John McGrath

John McGrath: Russell Wilson threw some heavy spin on his commencement address

For somebody who seems to have every virtue associated with that rare celebrity worthy of admiration, Russell Wilson is a curiously polarizing athlete.

The Seahawks quarterback returned last weekend to the school he attended as a football-eligible graduate student, the University of Wisconsin, and delivered a commencement address that was charming, eloquent and — as standard-issue commencement addresses go — even memorable.

He preached but didn’t pontificate, stayed on topic, made serious points and yet drew some laughs in a nimble balancing act of gravity and levity. Guest speakers often wing it, but Wilson regarded his appearance as an orator as seriously as he regards hospital visits and commercial endorsements.

“Remember that the moments when life tells you ‘yes’ aren’t the ones that define you,” he told the class of 2016. “The moments that really matter are the moments when life tells you ‘no.’ That’s what I want to focus on today: what to do when life tells you ‘no.’ 

Beautiful.

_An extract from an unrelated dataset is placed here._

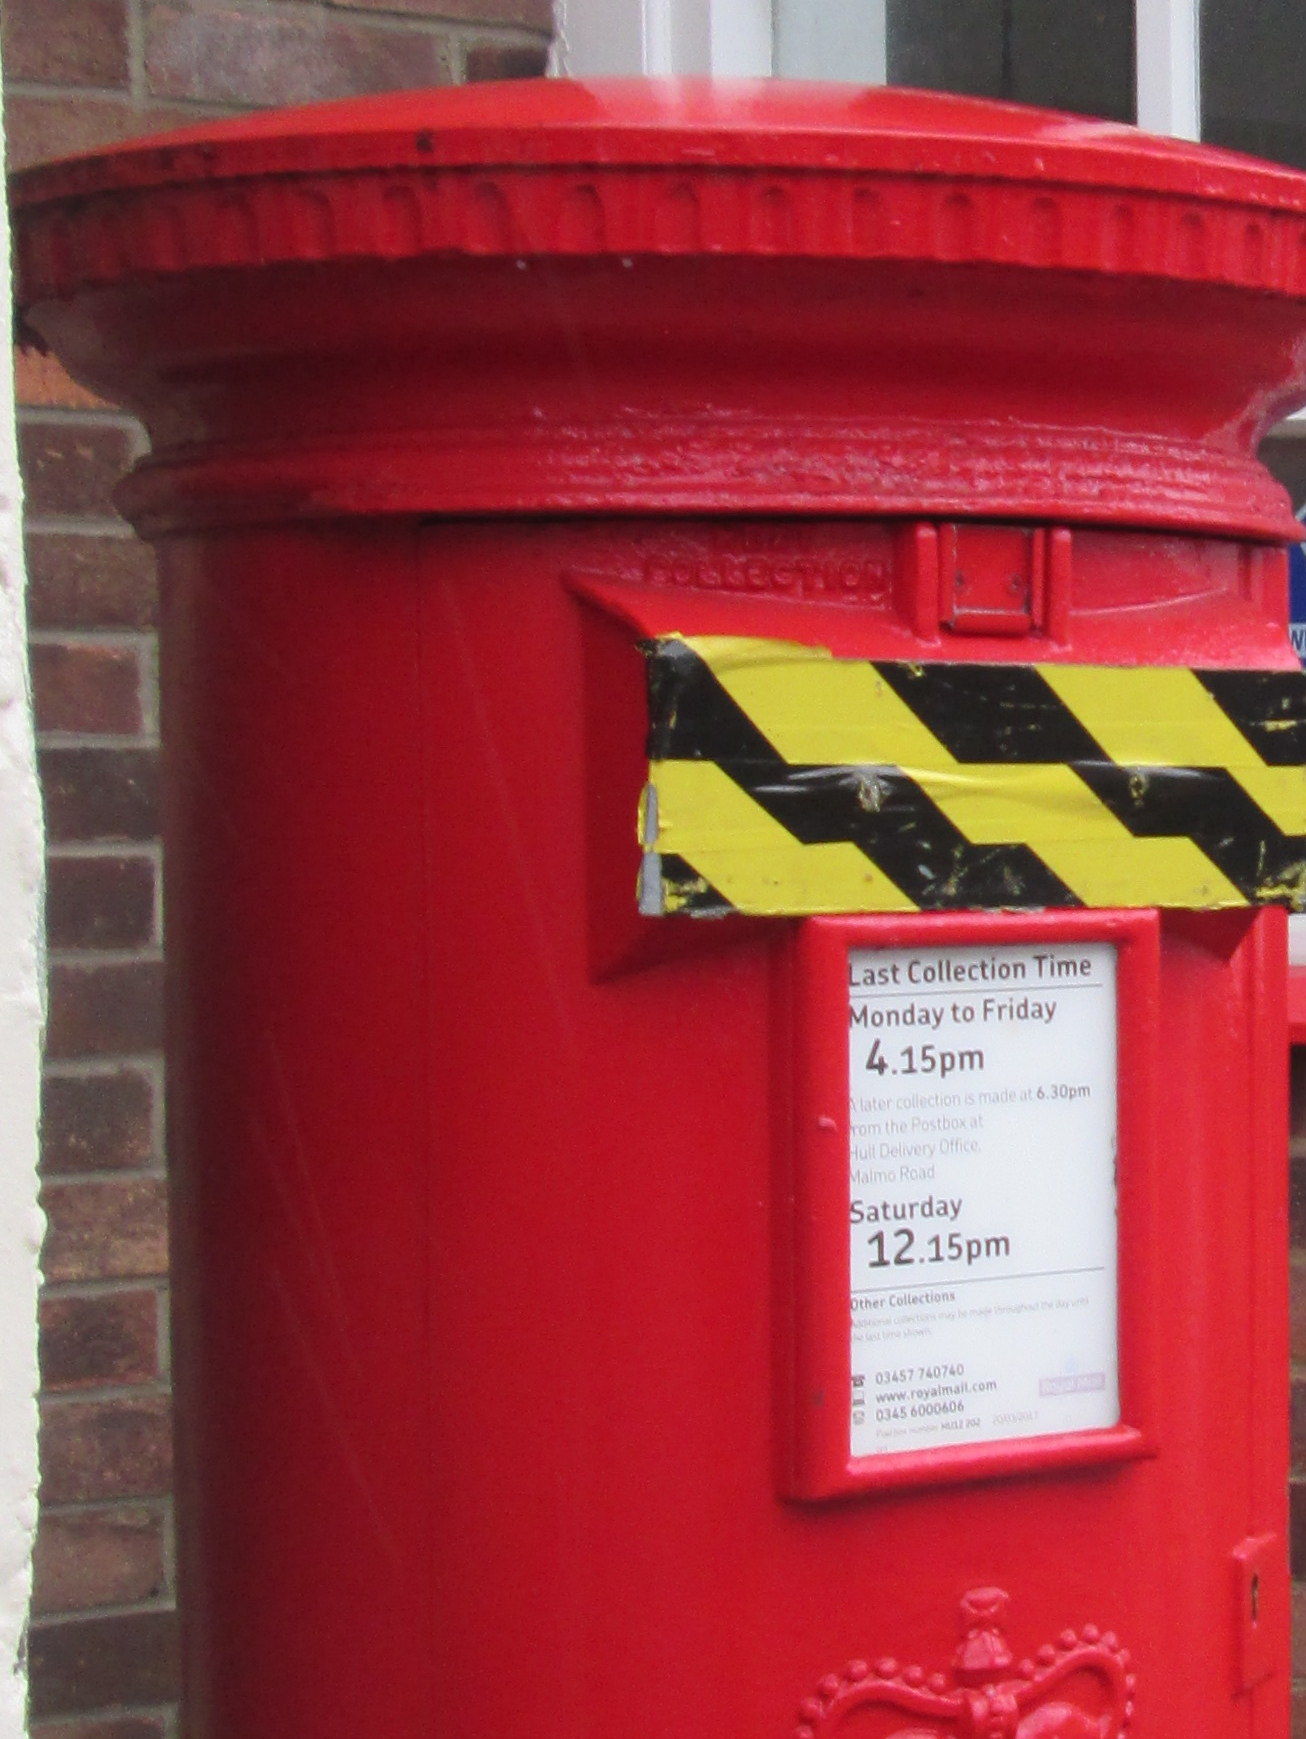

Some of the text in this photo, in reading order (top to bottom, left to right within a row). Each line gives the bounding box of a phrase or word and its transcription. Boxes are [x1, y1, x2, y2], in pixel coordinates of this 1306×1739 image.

How could any of this go wrong?

It can go wrong when you drudge up some long-ago experiences and put a spin on them at odds with the facts. Wilson, who fulfilled his college-degree requirements at North Carolina State before transferring to Wisconsin, suggested two Wolfpack coaches had no faith in him.

Without naming Elliott Avent, the N.C. State baseball coach, Wilson recalled his reduced role on the team. The memory set up an anecdote about staying positive amid adversity, which in Wilson’s case meant hitting a game-winning home run that underscored the power of perseverance.

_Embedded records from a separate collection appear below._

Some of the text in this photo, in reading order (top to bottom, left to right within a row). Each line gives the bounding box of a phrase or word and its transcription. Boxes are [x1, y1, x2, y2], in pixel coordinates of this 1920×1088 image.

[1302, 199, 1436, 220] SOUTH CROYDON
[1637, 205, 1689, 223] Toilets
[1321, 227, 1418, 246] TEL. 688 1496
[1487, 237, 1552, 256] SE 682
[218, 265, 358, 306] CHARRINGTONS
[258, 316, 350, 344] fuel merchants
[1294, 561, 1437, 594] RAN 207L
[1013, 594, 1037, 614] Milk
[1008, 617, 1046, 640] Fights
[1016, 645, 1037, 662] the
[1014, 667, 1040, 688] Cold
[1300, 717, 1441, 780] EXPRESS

“My junior season, my draft-eligible year, and I’m barely playing. And honestly, I don’t know why,” said Wilson, noting that he’d gotten between 450-500 at-bats over his first two seasons.

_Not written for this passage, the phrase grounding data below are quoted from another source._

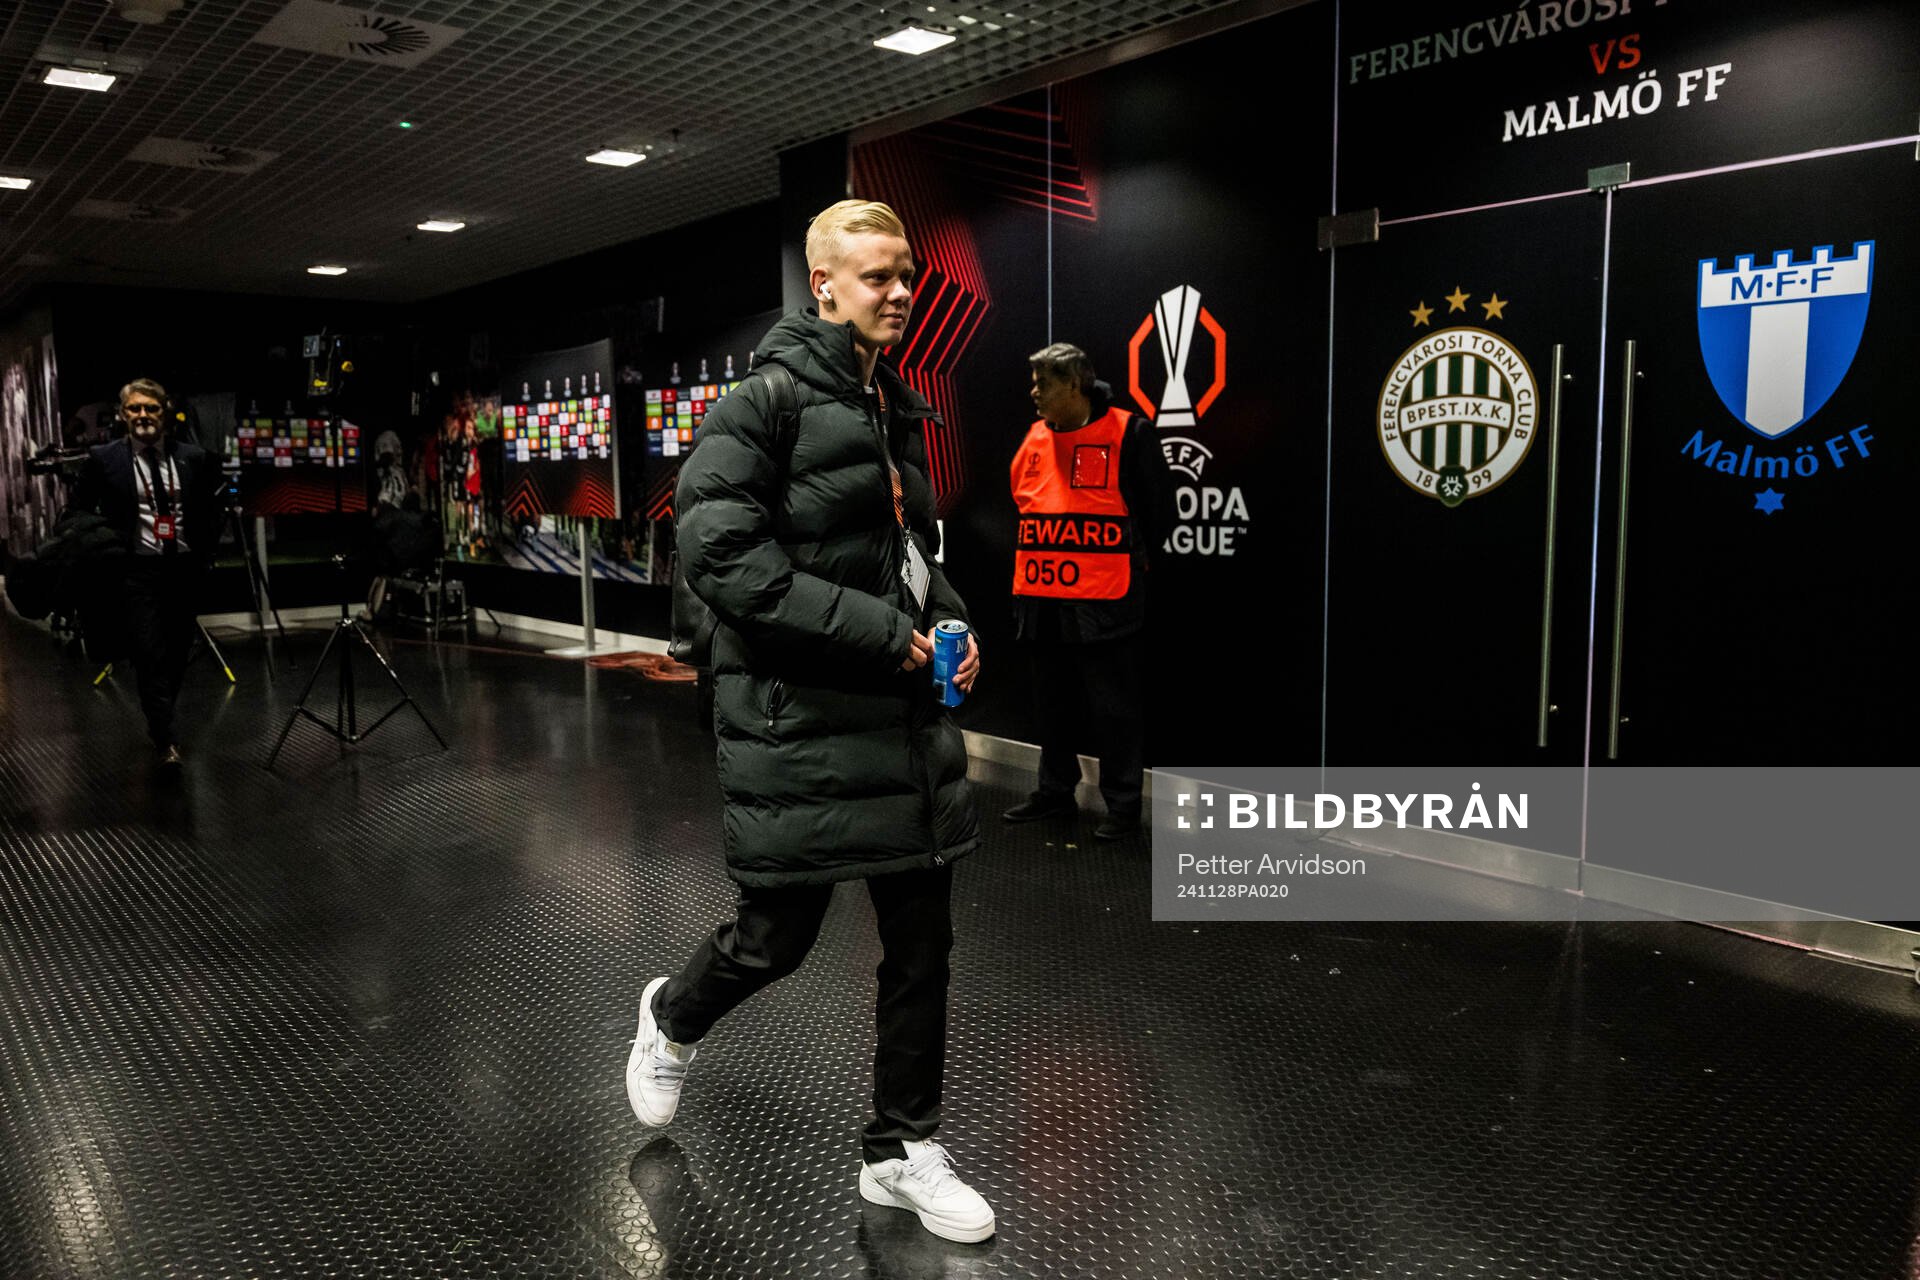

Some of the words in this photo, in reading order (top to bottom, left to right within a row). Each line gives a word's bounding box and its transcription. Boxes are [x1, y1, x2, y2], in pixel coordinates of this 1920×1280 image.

[1589, 33, 1641, 75] VS
[1502, 70, 1662, 142] MALMÖ
[1676, 62, 1732, 107] FF
[1383, 335, 1463, 442] FERENCVÁROSI
[1471, 335, 1524, 384] TORNA
[1513, 388, 1533, 440] CLUB
[1680, 429, 1820, 479] Malmö
[1824, 423, 1875, 469] FF

Wilson had 71 at-bats as a freshman, 72 as a sophomore, 98 as a junior. Wilson did hit that walk-off home run, but he hit it a few games into the schedule.

Avent immediately saw Wilson’s potential as a two-sport star at N.C. State, and shared his insight with the football staff. Which brings us to then-head coach Tom O’Brien, who also wasn’t named in the speech but clearly identified as the antagonist in a feel-good story .

Wilson told the audience that as a freshman, two weeks before the season opener, he’d been assigned a backup role in the secondary and special-teams punt returner. He thought about it, prayed about it, and concluded no, he was a quarterback.

Uh, really?

A former teammate, offensive lineman Kelani Heppe, posted this Facebook message: “80 percent of the (stuff) Russell said in his speech didn’t happen.”

Wilson’s departure from N.C. State was less than amicable. O’Brien believed quarterbacks in a big-time conference should be willing to commit to football 365 days a year. Wilson couldn’t make that commitment — he played minor-league baseball during the summer — unlike another Wolfpack quarterback, Mike Glennon.

Wilson had one year of eligibility remaining, Glennon had two. O’Brien informed Wilson that if he wasn’t all in, Glennon would take over as the starter.

O’Brien was thinking in terms of long-term stability for the program — a reasonable agenda, as his job was at stake — and he’s depicted as the villain in a speech to college graduates?

Wilson didn’t need to reach so far into the past to draw an example of “those moments when life tells you ‘no.’ ” It was he, after all, who threw the pass that was intercepted inside the Patriots’ 1-yard line during the final seconds of Super Bowl 49.

I doubt any of the graduates addressed Saturday had a clue about the baseball-coaching career of Elliott Avent, or the football-coaching career of Tom O’Brien. I’m sure many of them were familiar with the doomed pass Wilson threw 15 months ago.

The play will endure as an eternal example of life’s way of throwing a sucker punch at you now and then. Everything’s in place, all is well and good, and then — gotcha! — you’re down and out.

Ricardo Lockette can relate. The intended receiver for the goal-line pass that cost the Seahawks a second consecutive Super Bowl victory, Lockette was the victim of a gruesome special-teams collision in November that threatened his mobility and forced his retirement.

Asked the other day if he had any misgivings about giving up football, Lockette answered that he didn’t, “because I love my family, and I’d rather walk.”

Life told him “no,” but Lockette is not bitter about the lousy cards dealt to him. His upbeat perspective strikes me as a natural fit for a commencement-address circuit that requires only two basics.

Accentuate the positive, and stick to the facts.